*** PROVIDED RECORDS Section Begins ***
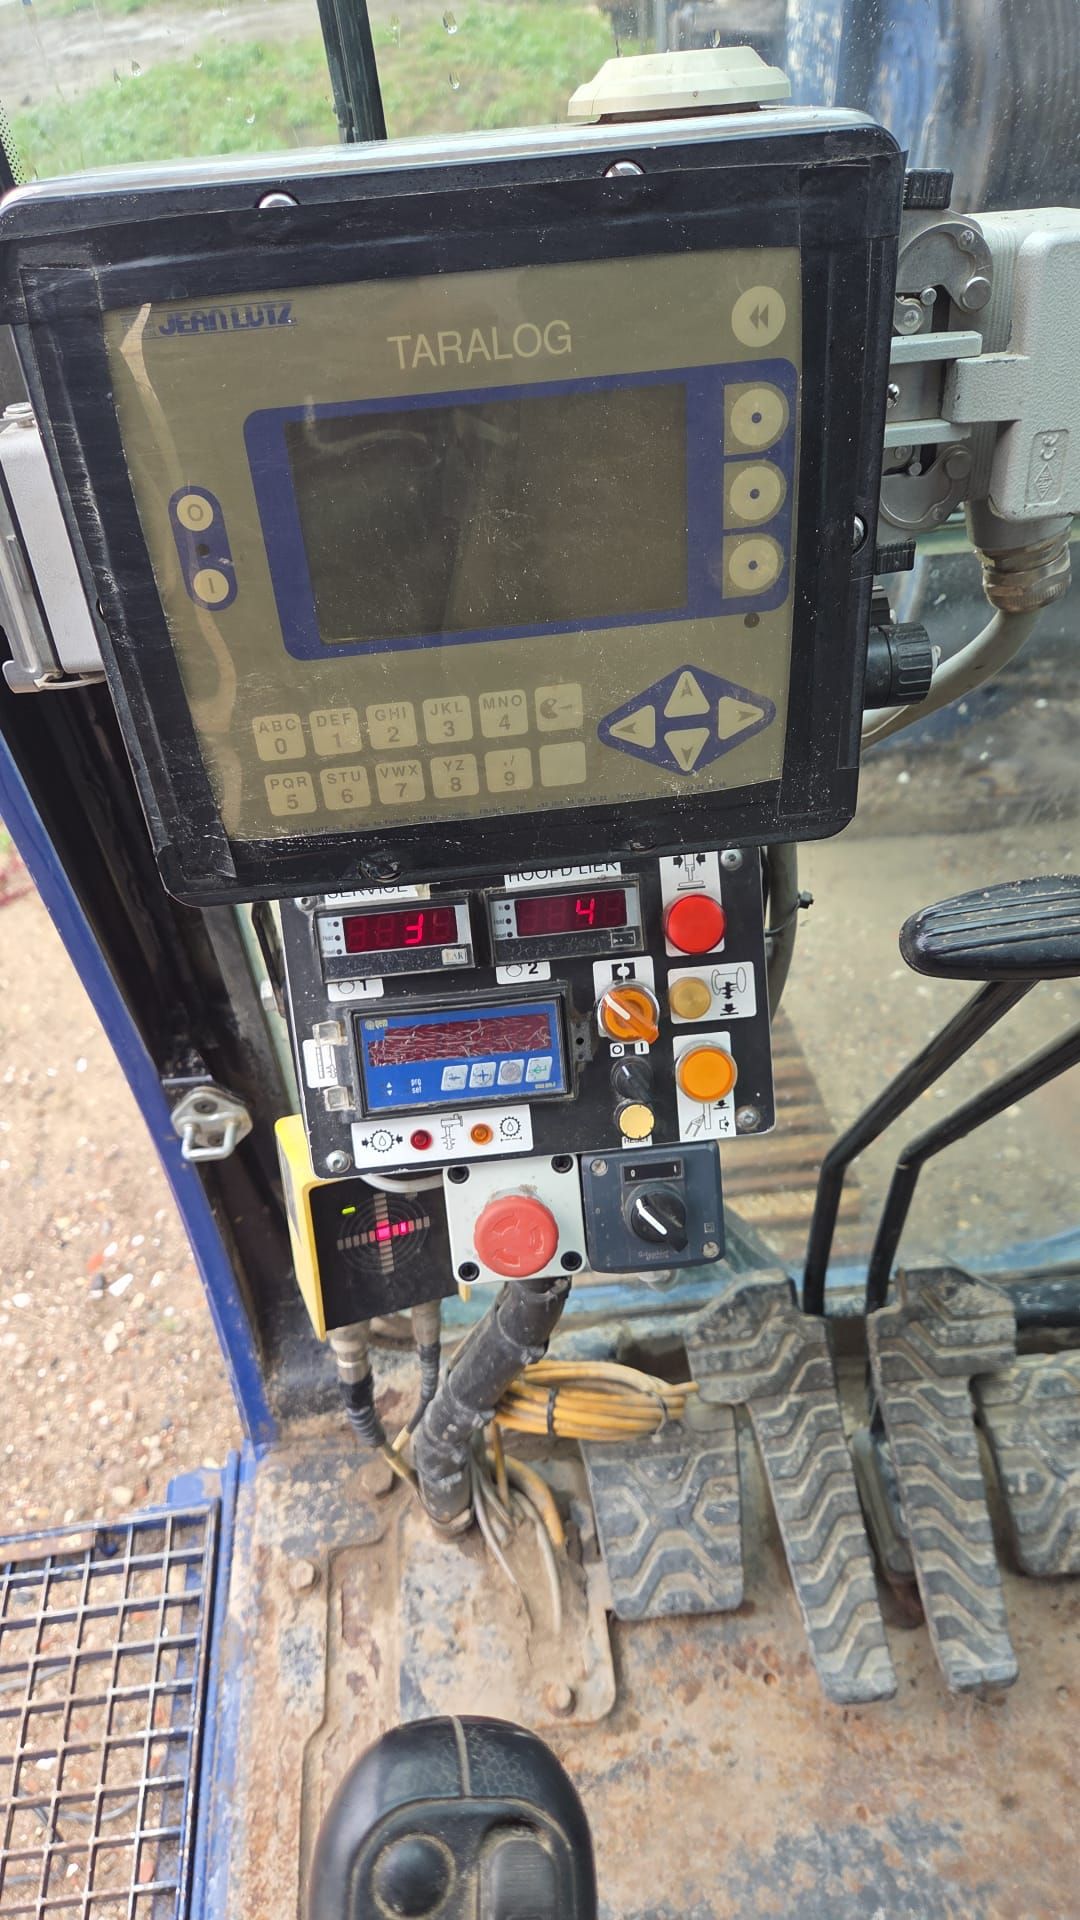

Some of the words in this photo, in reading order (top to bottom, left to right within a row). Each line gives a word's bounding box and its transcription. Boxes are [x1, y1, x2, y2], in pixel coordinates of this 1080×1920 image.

[231, 303, 293, 329] LUTZ
[387, 320, 572, 370] TARALOG
[429, 701, 464, 717] JKL
[482, 694, 523, 711] MNO
[316, 712, 351, 729] DEF
[374, 707, 407, 723] GHI
[498, 713, 511, 731] 4
[257, 718, 298, 735] ABC
[387, 726, 401, 744] 2
[443, 720, 456, 738] 3
[274, 737, 288, 756] 0
[331, 732, 342, 749] 1
[379, 763, 419, 779] VWX
[442, 759, 465, 772] YZ
[270, 776, 308, 791] PQR
[326, 771, 361, 786] STU
[450, 776, 462, 793] 8
[504, 770, 516, 787] 9
[341, 787, 354, 804] 6
[394, 781, 408, 798] 7
[286, 792, 299, 810] 5
[575, 897, 595, 925] 4
[527, 962, 539, 975] 2
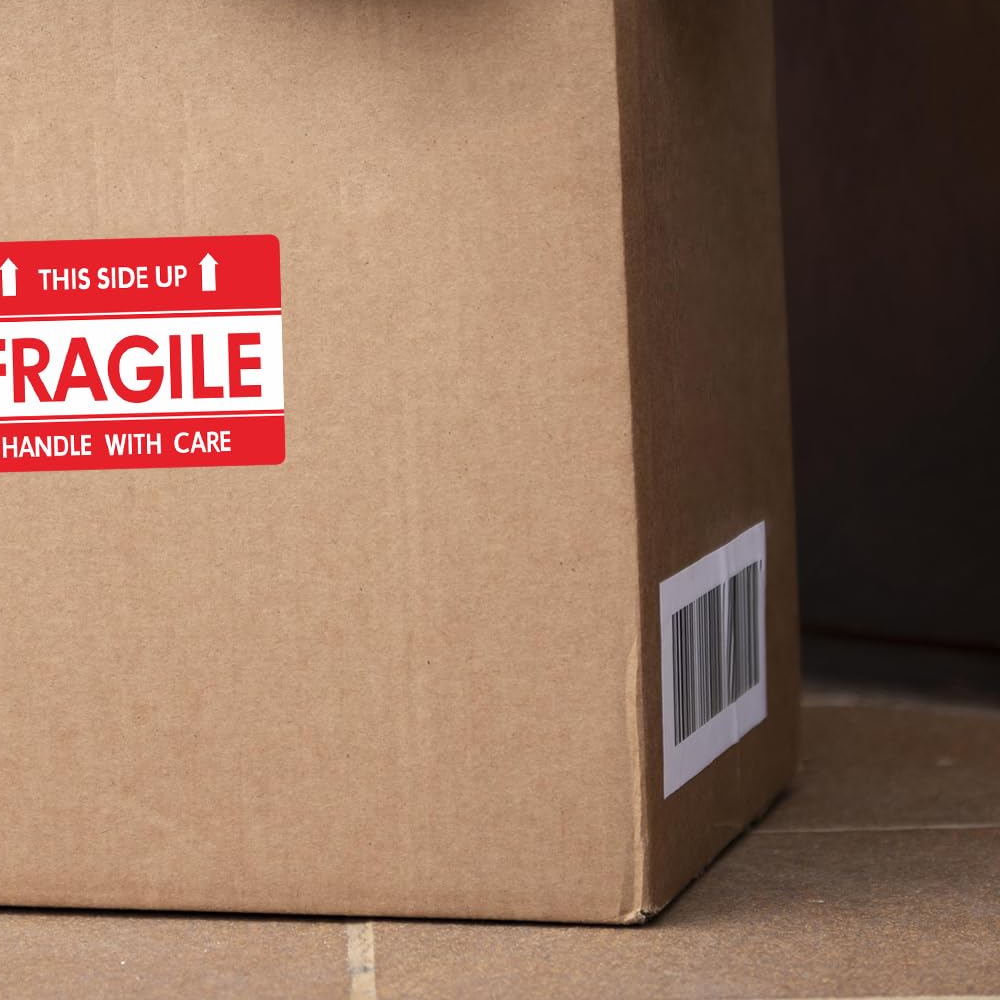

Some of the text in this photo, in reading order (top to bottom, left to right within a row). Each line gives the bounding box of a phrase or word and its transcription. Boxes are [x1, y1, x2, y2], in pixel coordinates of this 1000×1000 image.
*** PROVIDED RECORDS Section Ends ***
## WHAT TO PRODUCE
Copy every entry above exactly as it stands, but leave the pictures out.

## ANSWER SPACE
Some of the words in this photo, in reading order (top to bottom, left to right within a row). Each line gives a word's bounding box and its transcription. Boxes are [x1, y1, x2, y2], in pixel coordinates of this 1080×1920 image.

[231, 303, 293, 329] LUTZ
[387, 320, 572, 370] TARALOG
[429, 701, 464, 717] JKL
[482, 694, 523, 711] MNO
[316, 712, 351, 729] DEF
[374, 707, 407, 723] GHI
[498, 713, 511, 731] 4
[257, 718, 298, 735] ABC
[387, 726, 401, 744] 2
[443, 720, 456, 738] 3
[274, 737, 288, 756] 0
[331, 732, 342, 749] 1
[379, 763, 419, 779] VWX
[442, 759, 465, 772] YZ
[270, 776, 308, 791] PQR
[326, 771, 361, 786] STU
[450, 776, 462, 793] 8
[504, 770, 516, 787] 9
[341, 787, 354, 804] 6
[394, 781, 408, 798] 7
[286, 792, 299, 810] 5
[575, 897, 595, 925] 4
[527, 962, 539, 975] 2

Some of the text in this photo, in reading order (top to bottom, left to right within a row). Each line gives the bounding box of a phrase or word and its transcription. Boxes are [x1, y1, x2, y2], in pixel coordinates of this 1000×1000 image.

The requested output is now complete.